ユーリはフェリーツェに届くようにと誠心誠意答えた。
「確かに私は女性に嫌気が差しているが…フェリーツェのことはそんな風に思っていない」
「ぇ…」
「寧ろ好ましいとさえ思っている」
「…へ!?」
思いがけない言葉にフェリーツェは耳まで真っ赤になる。
自分の言葉を信じてもらえるようにとユーリは告げた。
「そもそも私だって、『女なんてみんな同じだ』などと短慮なことを考えている訳ではない。まともな女性だって沢山いると理解はしているんだ」
女性全般が嫌いなんだと思っていたフェリーツェは更に驚く。
ユーリは少し暗い声で話を続けた。
「だが…私に近付いてくる女は大抵が公爵夫人の座を狙うか私の容姿に惹かれた者ばかりだった。何がなんでも自分のモノにしたいと、媚薬を混ぜた飲み物を口にさせられそうになった事もある」
「…!」
酷い話にフェリーツェは片手で口を覆う。
まさか薬まで盛ろうとするなんてと。
「まともな女性もいる筈だと頭では分かっていても…そんな事が積み重なる内に嫌になってしまった。女性だというだけで、近付いてこられると嫌悪感を覚えるようになってしまったんだ」
当然のように思えた。
ユーリのような立場にいれば、確かに自分から近付くのは強かな女性ばかりだろう。
淑やかな女性は押し除けられて近付けなかっただろうし、ユーリが女性嫌いだと広まった後はまともな人なら気遣って必要以上に話しかけたりしない。

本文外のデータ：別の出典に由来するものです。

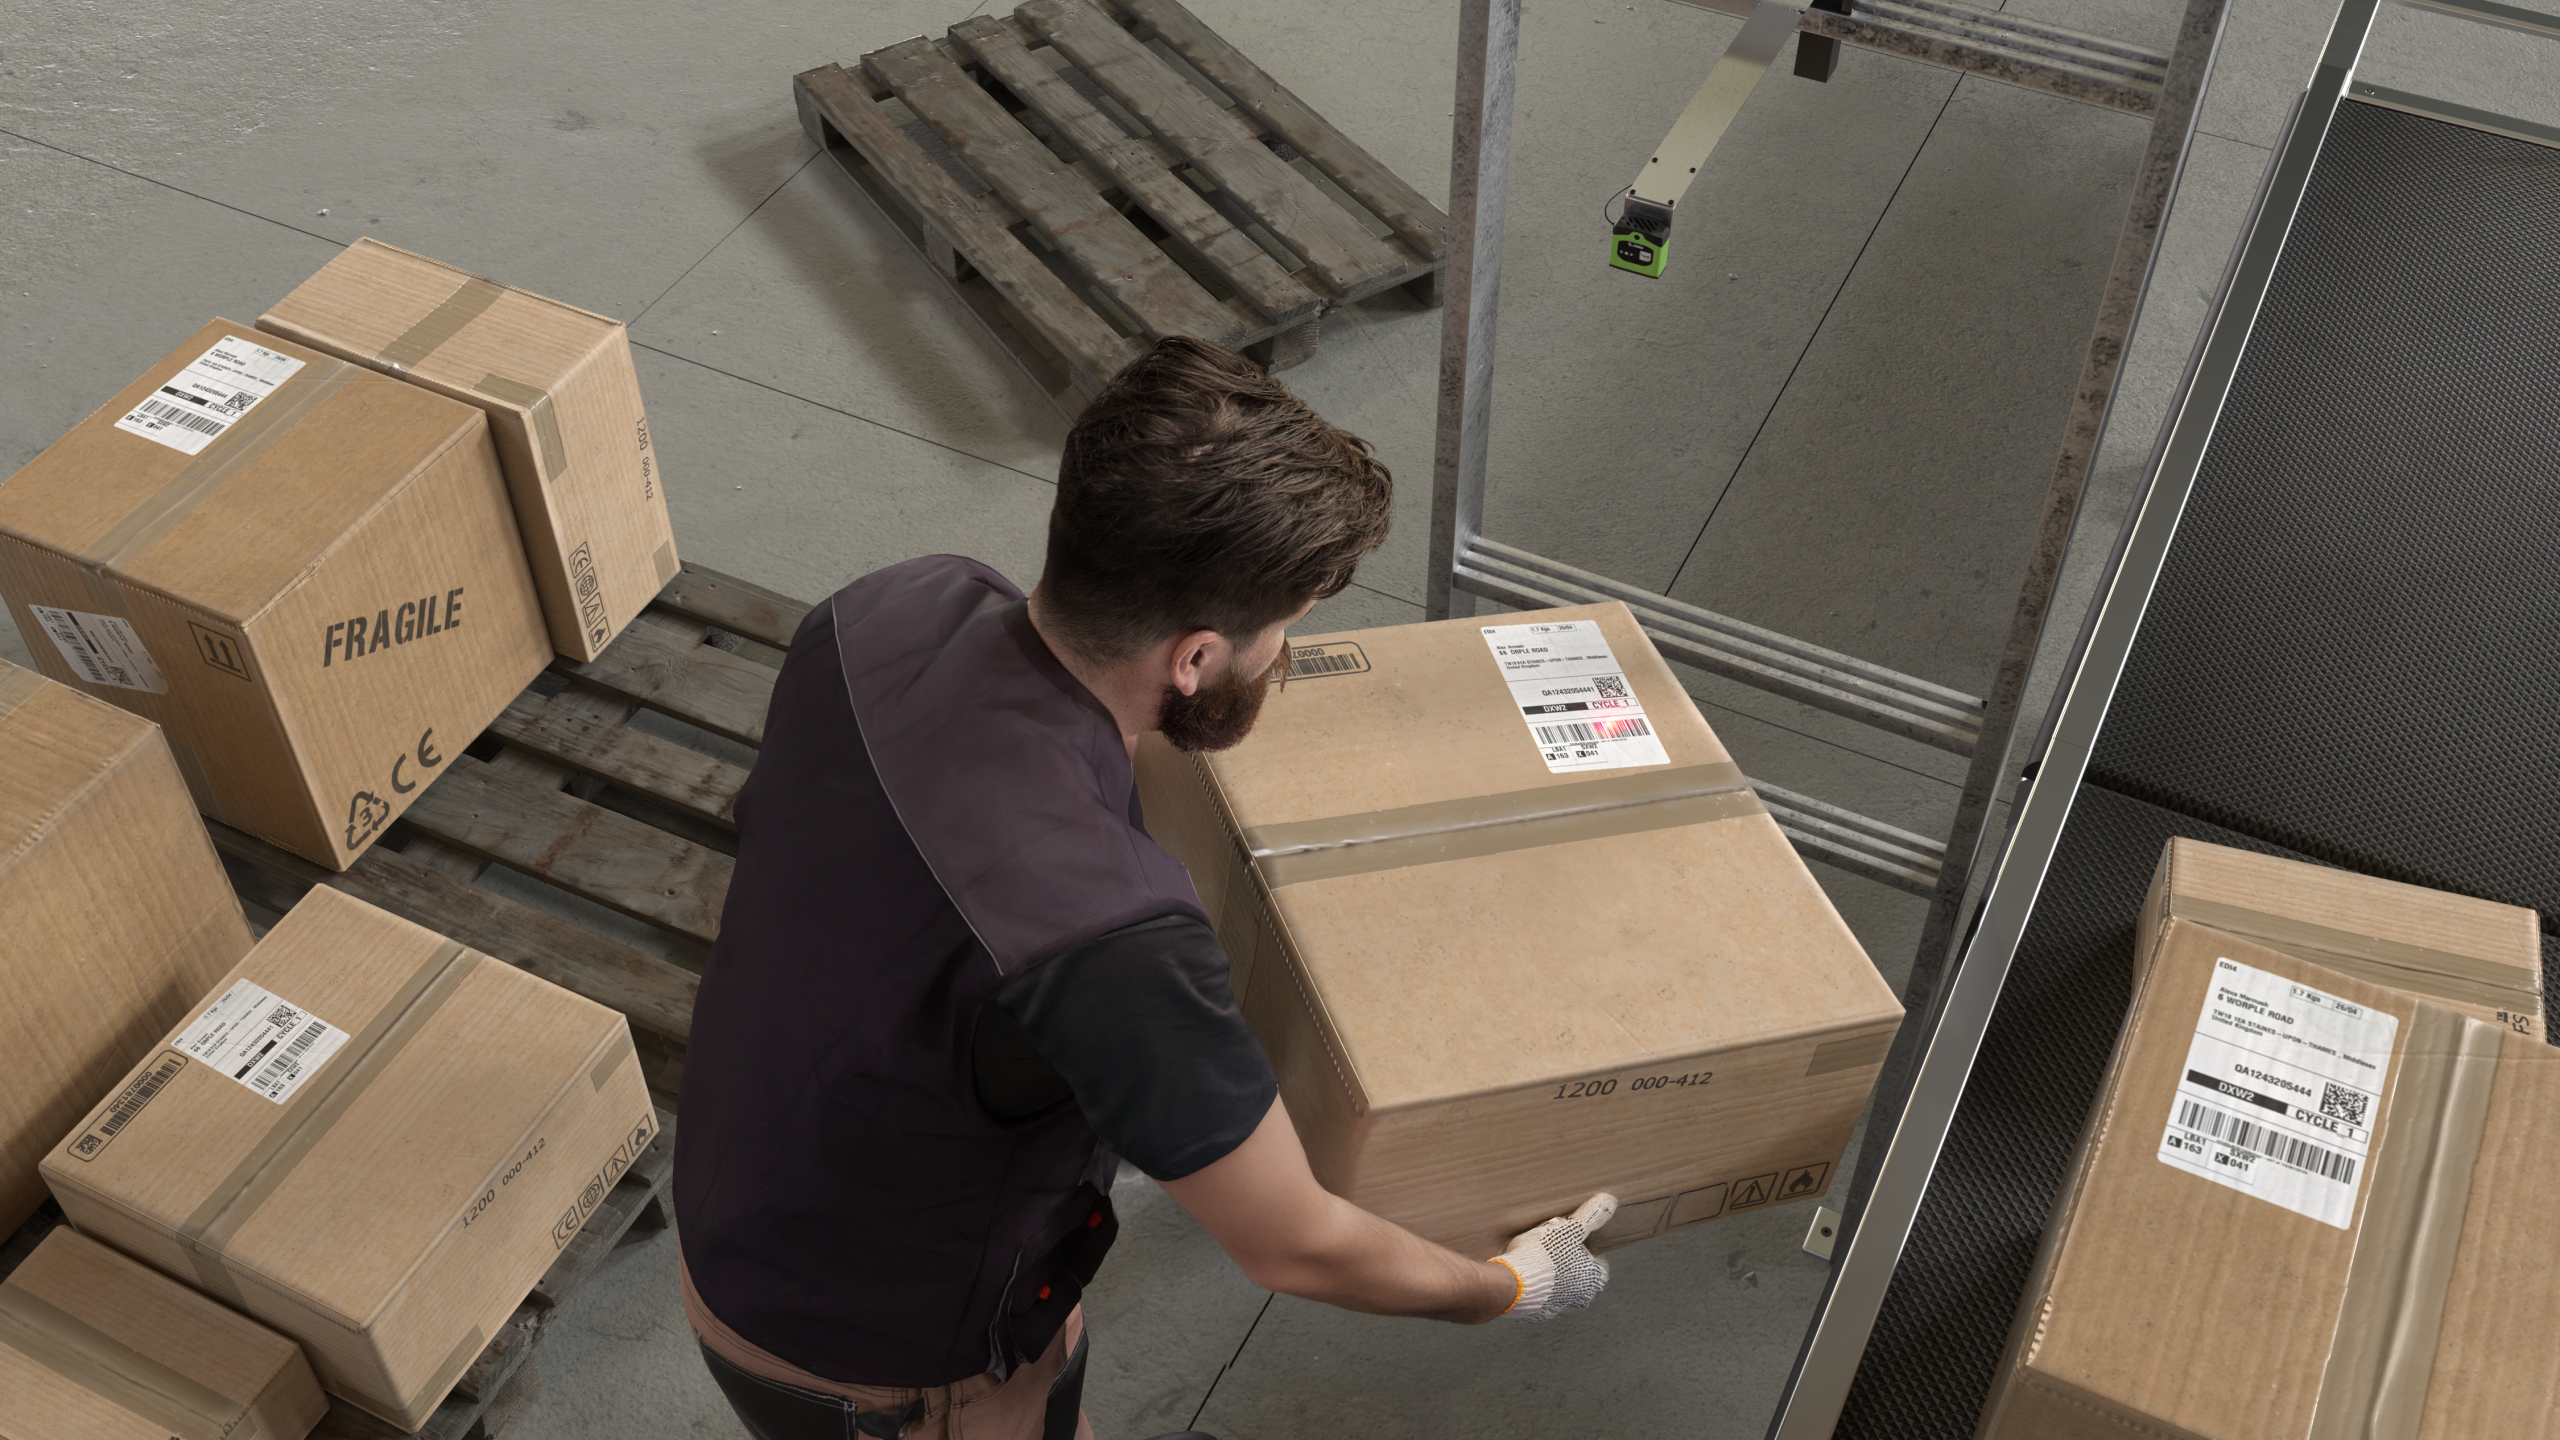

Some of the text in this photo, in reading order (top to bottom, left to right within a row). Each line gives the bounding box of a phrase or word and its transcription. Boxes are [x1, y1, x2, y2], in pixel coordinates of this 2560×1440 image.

[637, 417, 653, 501] 1200 000-412
[324, 587, 464, 668] FRAGILE
[1293, 648, 1325, 659] 00007
[2219, 961, 2237, 972] EDI4
[2292, 988, 2321, 1003] 1.7 Kgs
[2217, 992, 2294, 1025] 6 WORPLE ROAD
[2335, 1002, 2357, 1015] 26/04
[2211, 1014, 2262, 1037] United Kingdom
[2213, 1009, 2231, 1019] TW18
[2247, 1020, 2276, 1035] STAINES
[2282, 1033, 2302, 1044] UPON
[110, 1071, 153, 1113] 0000781340
[1553, 1072, 1713, 1099] 1200 000-412
[2217, 1081, 2255, 1102] DXW2
[2234, 1063, 2312, 1098] QA1243205444
[2182, 1141, 2202, 1155] 163
[2183, 1131, 2206, 1146] LBA1
[2229, 1158, 2249, 1171] 041
[462, 1137, 546, 1229] 1200 000-412

結果的に我が強い女性ばかりに寄ってこられ、女性嫌いに拍車がかかったのだろうと想像できた。
「でも、君は違う」
ユーリの取り巻く環境に心を痛めていたフェリーツェに、優しく言葉が掛けられる。
ユーリ人形が両手でフェリーツェ人形の手を握った。
「君はいつだって嘘をついたり騙そうとしたりせず、素直でひたむきだった。私の爵位や容姿で判断する事も無かった。時には気遣い、助けてもくれた。フェリーツェが私の婚約者になってくれて…本当に良かったと思っている」
こんなにも真っ直ぐに想いや感謝を告げられて、フェリーツェは胸が熱くなり瞳を潤ませる。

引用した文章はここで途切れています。